Mutmaßliche Scheinbeschäftigungen
Frankreichs Rechtspopulistin Le Pen beteuert vor Gericht Unschuld
Die französische Rechtspopulistin Marine Le Pen hat bei ihrer ersten Anhörung in einem Prozess um die Veruntreuung von EU-Geldern ihre Unschuld beteuert. „Ich habe absolut nicht den Eindruck, den geringsten Regelverstoß begangen zu haben“, sagte sie am Montag vor dem Pariser Strafgericht.
Marine Le Pen steht derzeit wegen Veruntreuung von EU-Geldern vor Gericht Foto: AFP
In dem Verfahren, in dem neben Le Pen zahlreiche Vertreter der früheren Führungsriege der Partei angeklagt sind, geht es um die mutmaßliche Scheinbeschäftigung von Assistenten im Europaparlament.
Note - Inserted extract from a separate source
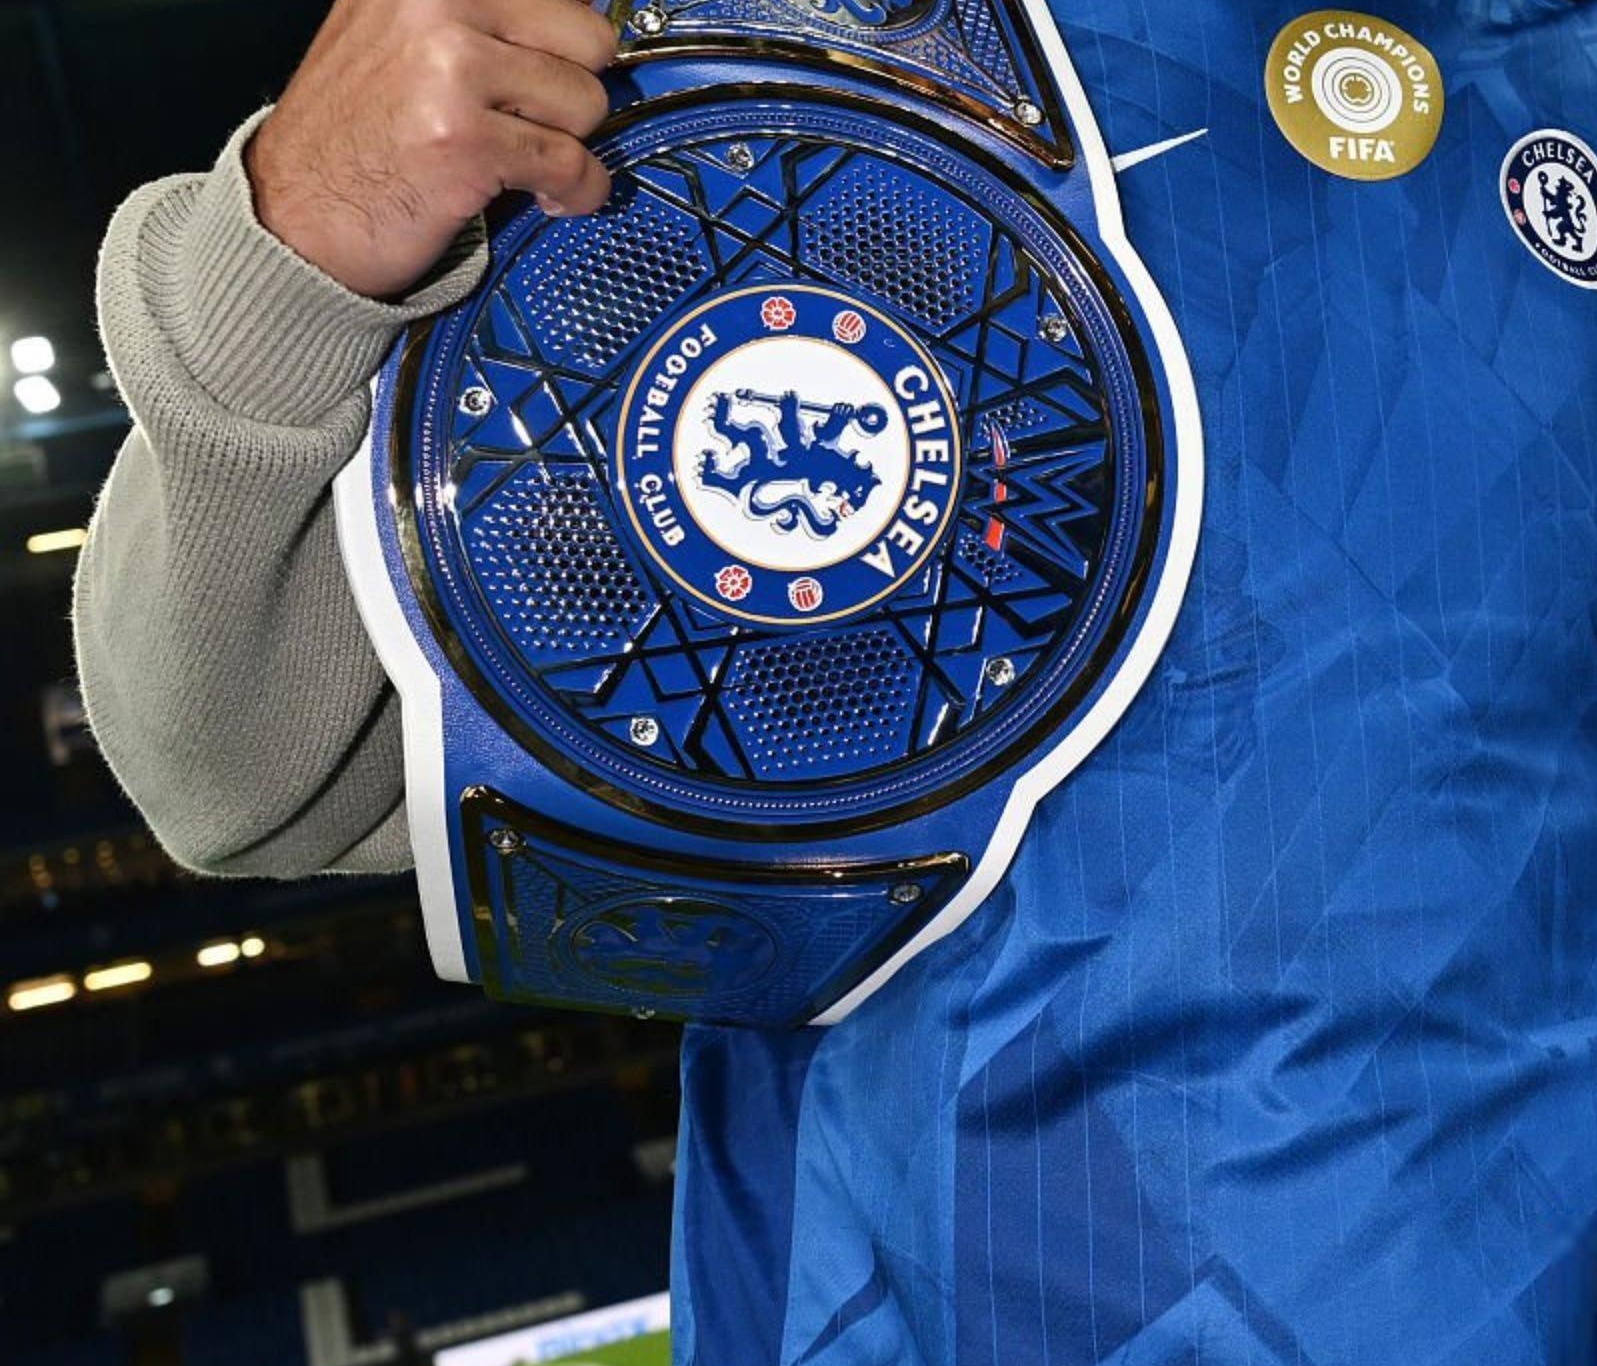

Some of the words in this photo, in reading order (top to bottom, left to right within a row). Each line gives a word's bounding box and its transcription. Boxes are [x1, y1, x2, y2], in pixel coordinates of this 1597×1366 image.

Der Fraktionschefin der rechtspopulistischen Partei Rassemblement national (RN) drohen im Fall einer Verurteilung bis zu zehn Jahre Haft und ein Verbot, bei Wahlen anzutreten. Der Prozess gefährdet damit auch ihre geplante Kandidatur bei der Präsidentschaftswahl 2027.